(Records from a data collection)
===

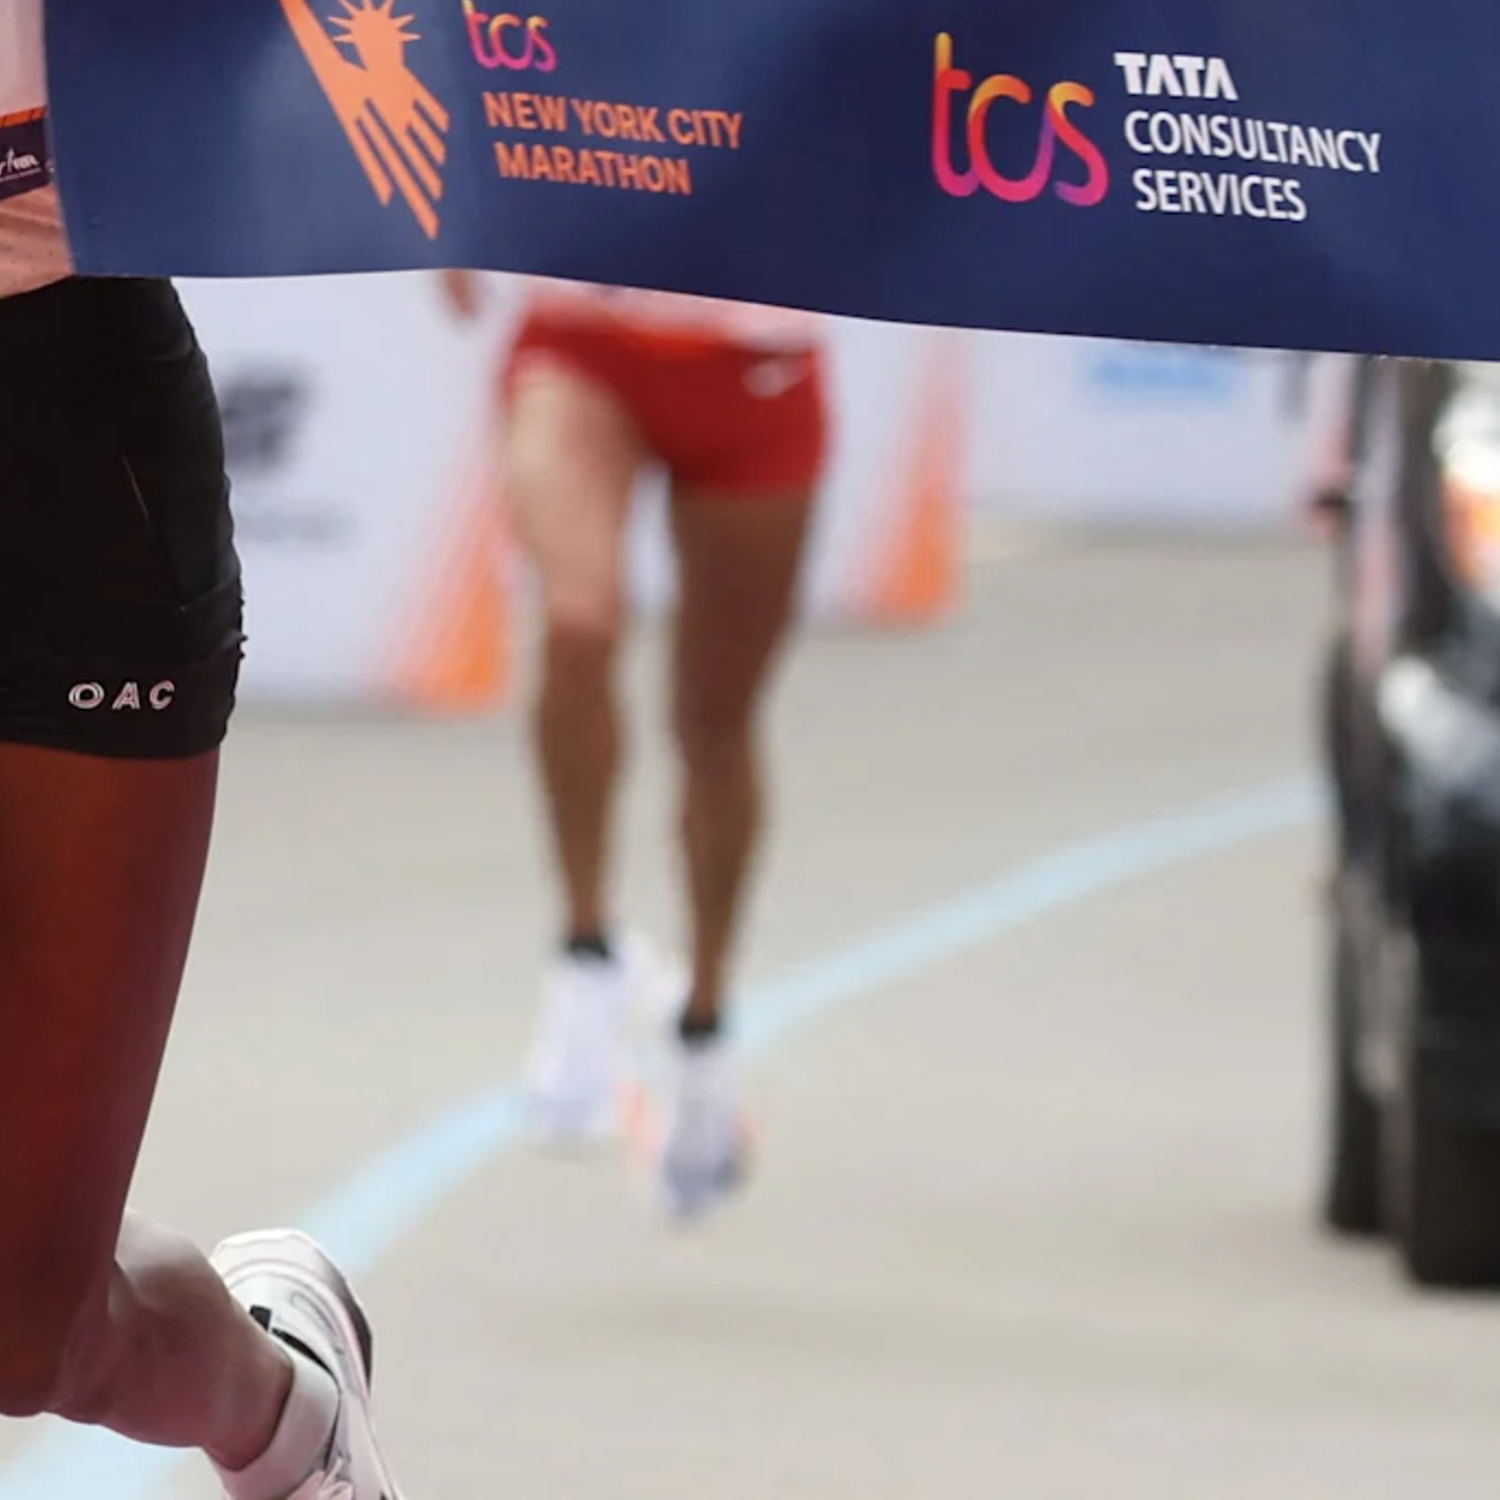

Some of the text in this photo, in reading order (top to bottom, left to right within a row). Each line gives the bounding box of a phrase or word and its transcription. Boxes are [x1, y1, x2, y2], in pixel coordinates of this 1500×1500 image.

[1114, 52, 1238, 100] TATA
[482, 91, 742, 149] NEW YORK CITY
[932, 32, 1109, 207] tcs
[1124, 110, 1382, 173] CONSULTANCY
[494, 142, 692, 194] MARATHON
[1132, 168, 1307, 221] SERVICES
[68, 679, 175, 710] OAC

===

▶ PROBLEM TO WORK ON:
A word-for-word copy of the entries above is needed, with every picture dropped.

▶ ANSWER BELOW:
Some of the text in this photo, in reading order (top to bottom, left to right within a row). Each line gives the bounding box of a phrase or word and its transcription. Boxes are [x1, y1, x2, y2], in pixel coordinates of this 1500×1500 image.

[1114, 52, 1238, 100] TATA
[482, 91, 742, 149] NEW YORK CITY
[932, 32, 1109, 207] tcs
[1124, 110, 1382, 173] CONSULTANCY
[494, 142, 692, 194] MARATHON
[1132, 168, 1307, 221] SERVICES
[68, 679, 175, 710] OAC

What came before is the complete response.